Skip to main content

uuencoding_multi/
lib.rs

1//! Multi-part UUencoded Usenet/email post reassembly.
2//!
3//! # Background
4//!
5//! Before MIME attachments became universal, large binary files were shared on
6//! Usenet and via email by UUencoding them and splitting the result across
7//! multiple posts or messages. Each post contained a sequential segment of the
8//! encoded data, identified by a subject-line marker such as `[2/7]` or
9//! `(2 of 7)`. Readers would collect all parts and concatenate the UU bodies
10//! before decoding.
11//!
12//! Each multi-part series often began with a part 0 (the TOC post) that listed
13//! the files being distributed along with their sizes and which parts each file
14//! spanned. This crate handles both the TOC and the data parts.
15//!
16//! # What this crate provides
17//!
18//! - [`parse_subject`] — extract part index, part total, and base subject from
19//!   a Usenet/email subject line. Recognises five common marker formats:
20//!   `(N/M)`, `[N/M]`, `Part N/M`, `Part N of M`, and `- N/M`.

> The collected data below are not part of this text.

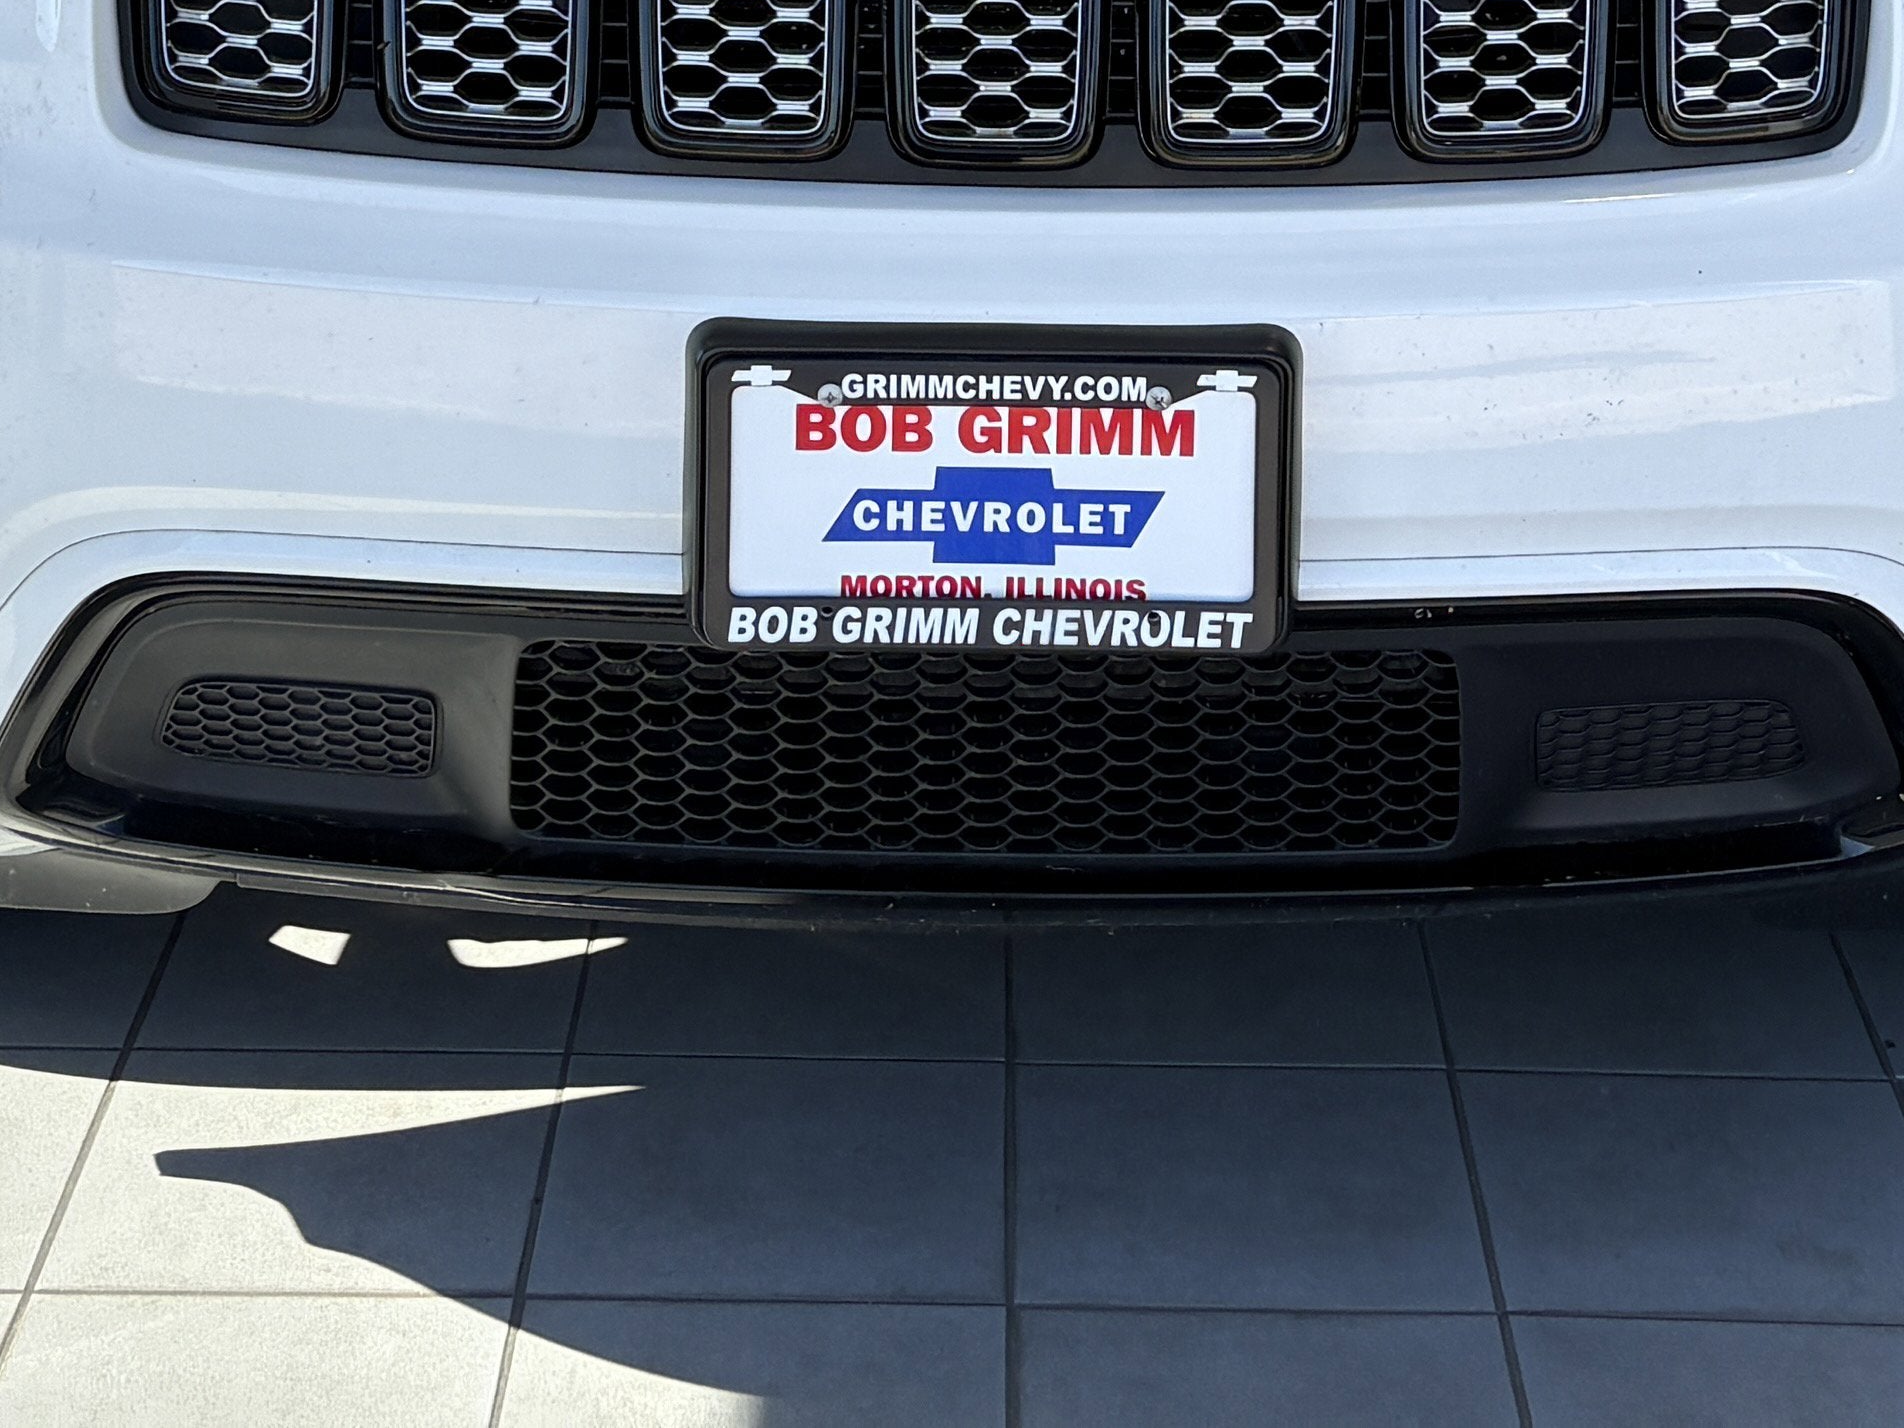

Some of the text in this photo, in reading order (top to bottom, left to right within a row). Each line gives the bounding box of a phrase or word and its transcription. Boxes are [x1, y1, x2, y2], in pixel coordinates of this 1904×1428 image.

[840, 372, 1148, 404] GRIMMCHEVY.COM
[795, 402, 1195, 458] BOB GRIMM
[852, 498, 1132, 536] CHEVROLET
[1005, 575, 1147, 602] ILLINOIS
[727, 605, 1254, 650] BOB GRIMM CHEVROLET

21//! - [`PartCollection`] — accumulate [`PartEntry`] values keyed by part number
22//!   until all parts are present, with gap detection and duplicate rejection.
23//! - [`reassemble()`] — validate completeness, concatenate raw UU bodies in
24//!   ascending part order, and decode via the `uuencoding` crate.

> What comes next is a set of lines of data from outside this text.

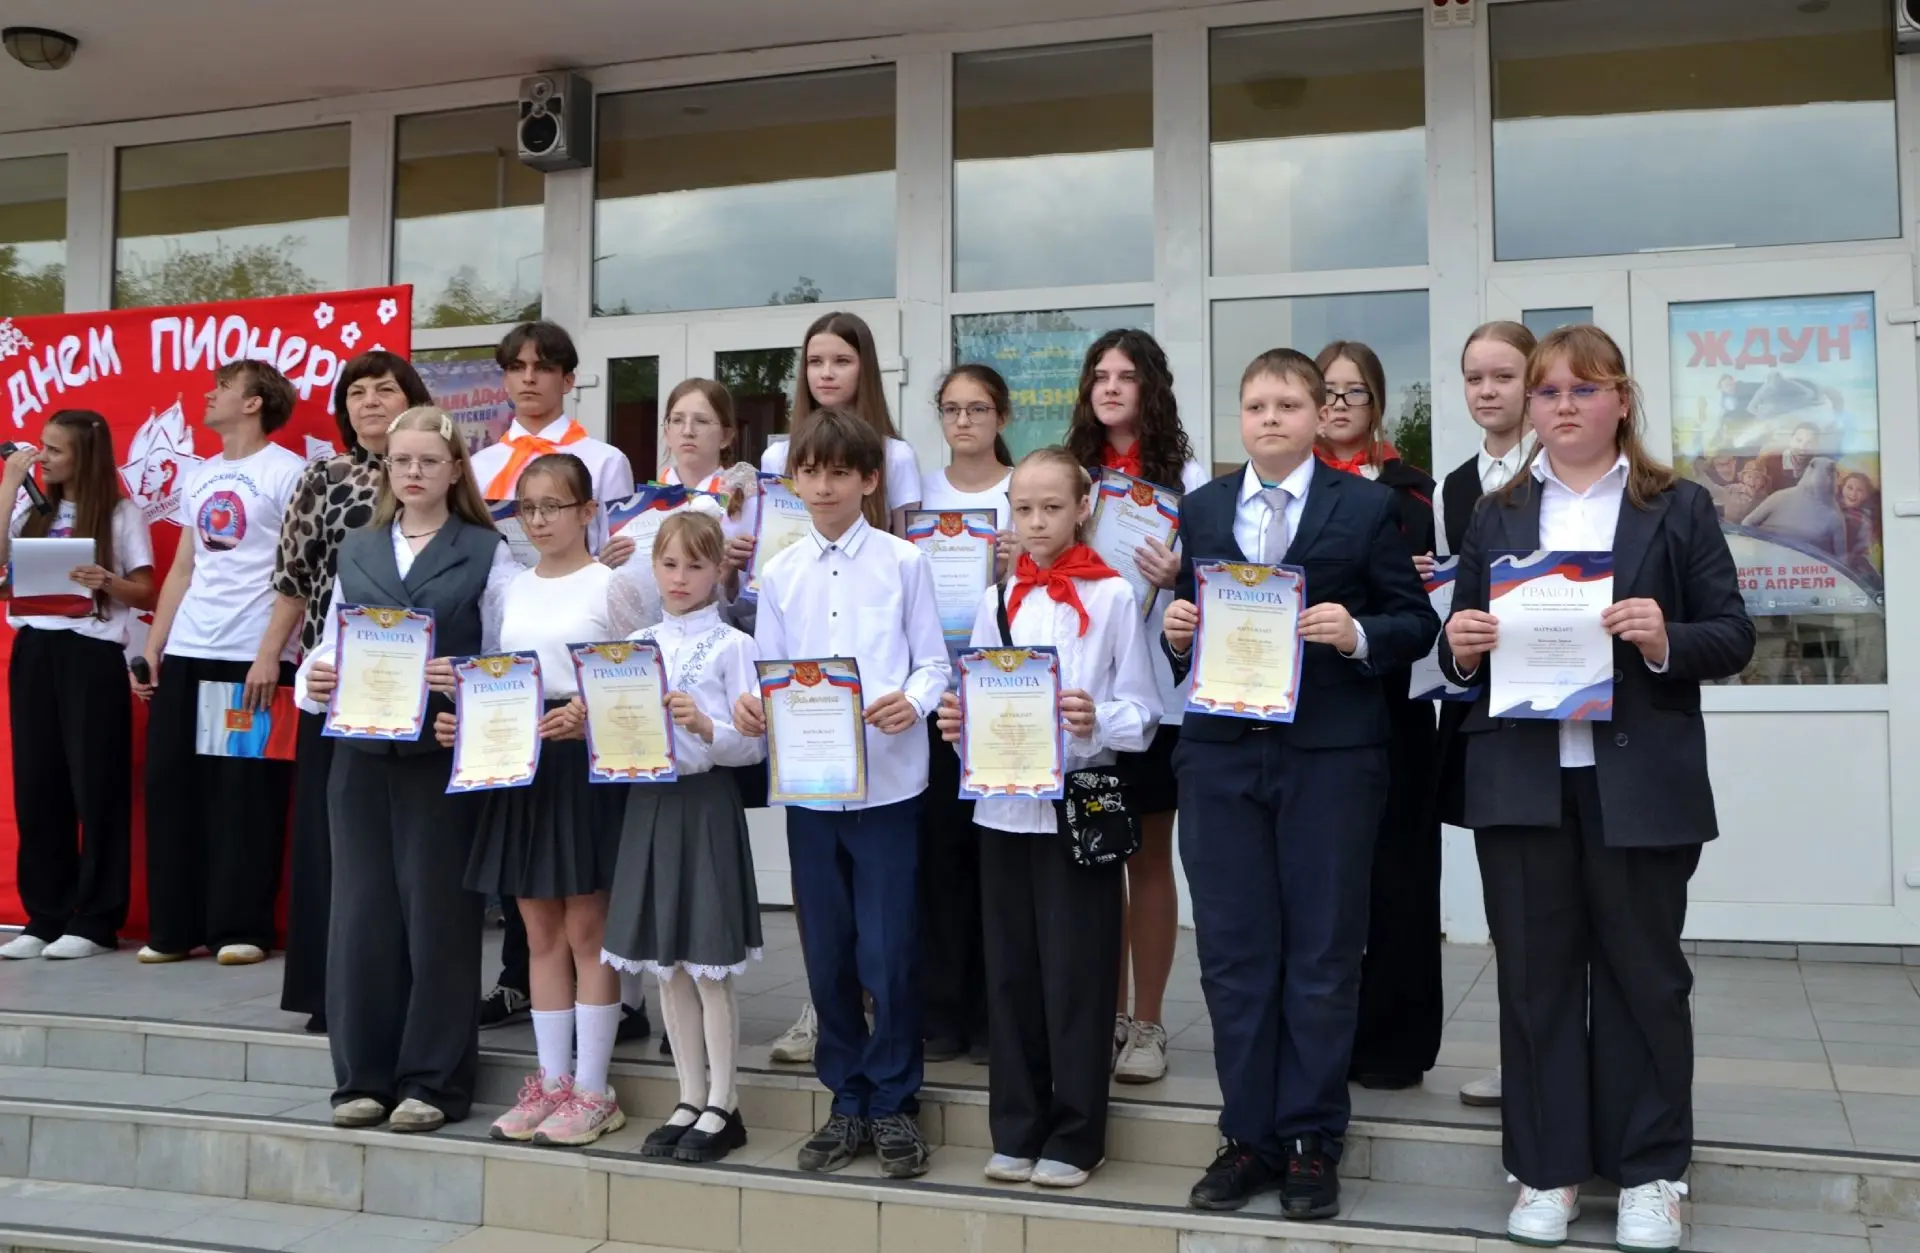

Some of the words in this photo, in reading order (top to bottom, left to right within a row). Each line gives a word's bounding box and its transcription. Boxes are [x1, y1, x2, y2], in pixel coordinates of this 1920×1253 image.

[1686, 325, 1852, 369] ЖДУН
[1737, 566, 1773, 577] ДИТЕ
[1792, 565, 1828, 575] КИНО
[1765, 577, 1836, 590] АПРЕЛЯ
[1218, 588, 1282, 604] ГРАМОТА
[1521, 586, 1585, 599] ГРАМОТА
[356, 629, 415, 643] ГРАМОТА
[593, 666, 648, 679] ГРАМОТА
[473, 680, 525, 694] ГРАМОТА
[979, 676, 1040, 688] ГРАМОТА

25//! - [`parse_toc`] — best-effort parse of a TOC body (part 0), returning a
26//!   [`ParsedToc`] with [`TocEntry`] records for each file listed.
27//!
28//! # What this crate does NOT do
29//!
30//! - **MIME parsing**: this crate operates on raw message body bytes that the
31//!   caller has already extracted from the MIME structure. Use the `mime-tree`
32//!   crate (or equivalent) to parse the enclosing MIME message and locate the
33//!   plain-text body part before passing bytes here.
34//! - **Message fetching or storage**: retrieving articles from an NNTP server,
35//!   reading mailbox files, or persisting collected parts is entirely the
36//!   caller's responsibility.
37//! - **yEnc decoding**: subject lines that contain a `yEnc` marker are
38//!   explicitly rejected by [`parse_subject`] (returns `None`). yEnc is a
39//!   distinct binary encoding with its own tools.
40//!
41//! # Integration with `mime-tree`
42//!
43//! The expected integration pattern is:
44//! 1. Parse the raw RFC 5322 message bytes with `mime-tree` to obtain the
45//!    `Subject` header value and the plain-text body.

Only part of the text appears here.